When Microsoft determines that the primary region is back online and fully operational, it will notify customers and switch the environments back so that they work out of the primary region. Users who are connected to the systems will experience a brief interruption of up to a few minutes, and the batch service might be unavailable for up to 25 minutes. The service, including all non-production instances, will be fully restored. There will be no data loss during the failback process.

Important

While the environment is operating out of the secondary region, the finance and operations app environment will have reduced functionality. Financial Reporting and Power BI reporting won't be available. If Financial Reporting is critical for a customer during the disaster, the customer can request restoration of the service to Microsoft through a support ticket.

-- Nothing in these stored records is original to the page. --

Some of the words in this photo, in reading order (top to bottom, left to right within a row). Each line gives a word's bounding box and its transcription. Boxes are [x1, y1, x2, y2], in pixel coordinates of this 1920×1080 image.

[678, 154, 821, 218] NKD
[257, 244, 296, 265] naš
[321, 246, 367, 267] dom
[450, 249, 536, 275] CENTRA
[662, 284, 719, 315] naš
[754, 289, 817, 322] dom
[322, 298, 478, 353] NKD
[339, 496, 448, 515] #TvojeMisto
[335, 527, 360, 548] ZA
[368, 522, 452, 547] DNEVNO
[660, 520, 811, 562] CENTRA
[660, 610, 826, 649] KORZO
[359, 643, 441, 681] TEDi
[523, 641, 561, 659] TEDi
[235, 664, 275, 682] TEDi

Additionally, there might be service degradation of non-production instances. Deployments of new non-production environments might be blocked.

Responsibilities for disaster recovery

The following table describes responsibilities for disaster recovery.

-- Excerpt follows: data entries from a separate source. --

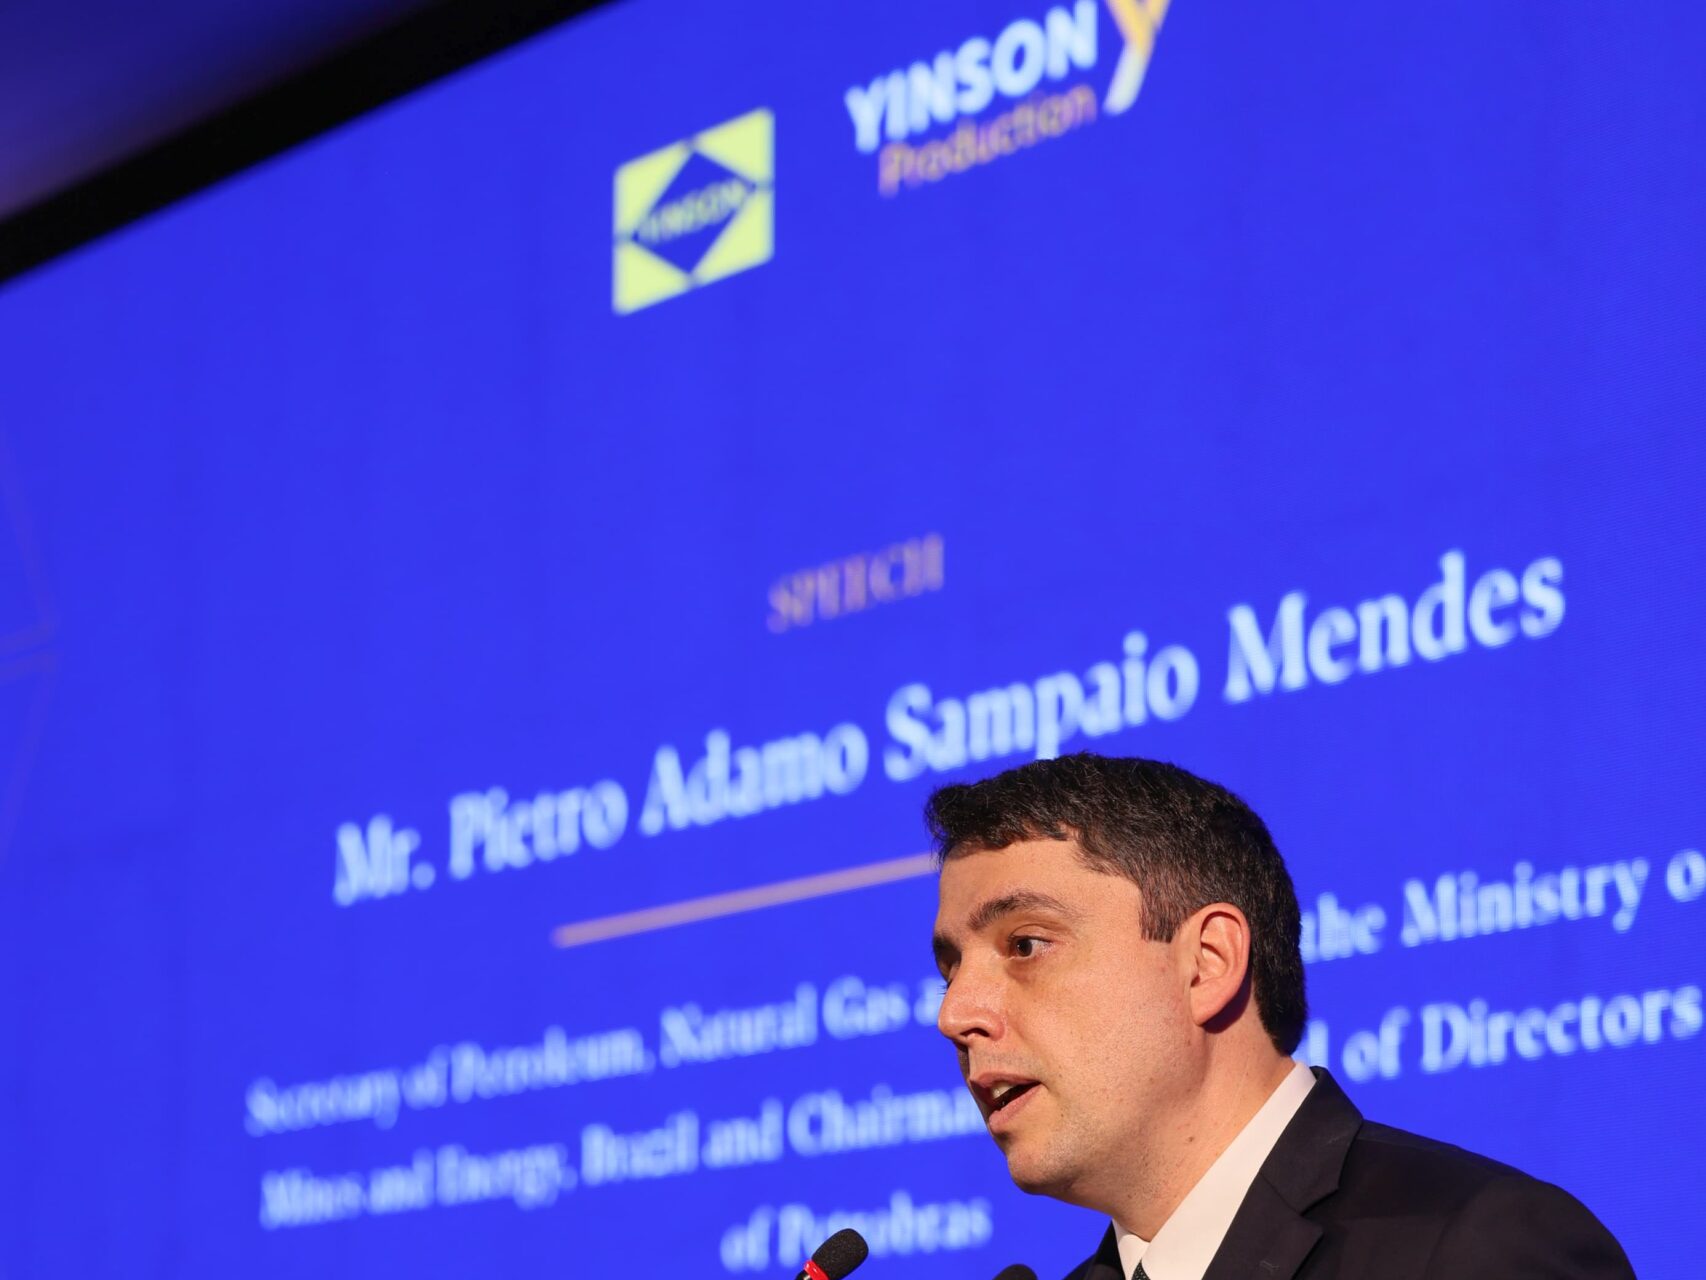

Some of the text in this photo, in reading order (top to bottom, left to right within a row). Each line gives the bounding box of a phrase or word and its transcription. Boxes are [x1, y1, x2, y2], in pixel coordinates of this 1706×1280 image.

[844, 0, 1098, 154] YINSON
[878, 84, 1098, 198] Production
[767, 533, 944, 633] SPEECH
[334, 548, 1565, 907] Mr. Pietro Adamo Sampaio Mendes
[660, 981, 818, 1068] Natural
[823, 976, 911, 1040] Gas
[1300, 892, 1387, 963] the
[1401, 860, 1650, 948] Ministry
[1666, 849, 1706, 902] o
[703, 1098, 784, 1168] and
[788, 1083, 990, 1156] Chairma
[1343, 1006, 1411, 1083] of
[1420, 985, 1703, 1075] Directors
[720, 1204, 774, 1271] of

Microsoft's responsibilities	Customer's responsibilities
Microsoft enables geo-redundancy and automatic backup of SQL and Azure storage when the primary production instance is deployed.	None
Microsoft has Application Object Server (AOS) images available from a regional repository to restore compute. We maintain the compute infrastructure to meet RTO.	None
If an outage occurs, and Microsoft determines that a region failover must be done, we don't require customer consent, because there will be no data loss. However, if a cross-region failover must be done for the customer, there might be dataloss up to 15 mins. For more information, see Azure SQL Database Geo-Restore. In the event of data loss, Microsoft will contact the customer to request its sign-off on a failover.	In the event of data loss, the customer must provide written sign-off to trigger the failover.
If a failover occurs, the applicable service works in limited mode. Update maintenance can't be triggered in failover mode.	The customer can't request package deployments or other regular maintenance requests in failover mode.
When the datacenter becomes operational, Microsoft fails back to the production instance in the primary Azure region. Normal operations are resumed. A notification will be published to customers. Although customers might experience brief interruptions or disconnections during this window, they won't have to take a full downtime.	None
None	The customer should plan disaster recovery for resources that aren't provisioned by Microsoft as part of the service. This includes resources that run independently, as well as ones that are hosted in customer subscriptions in Azure.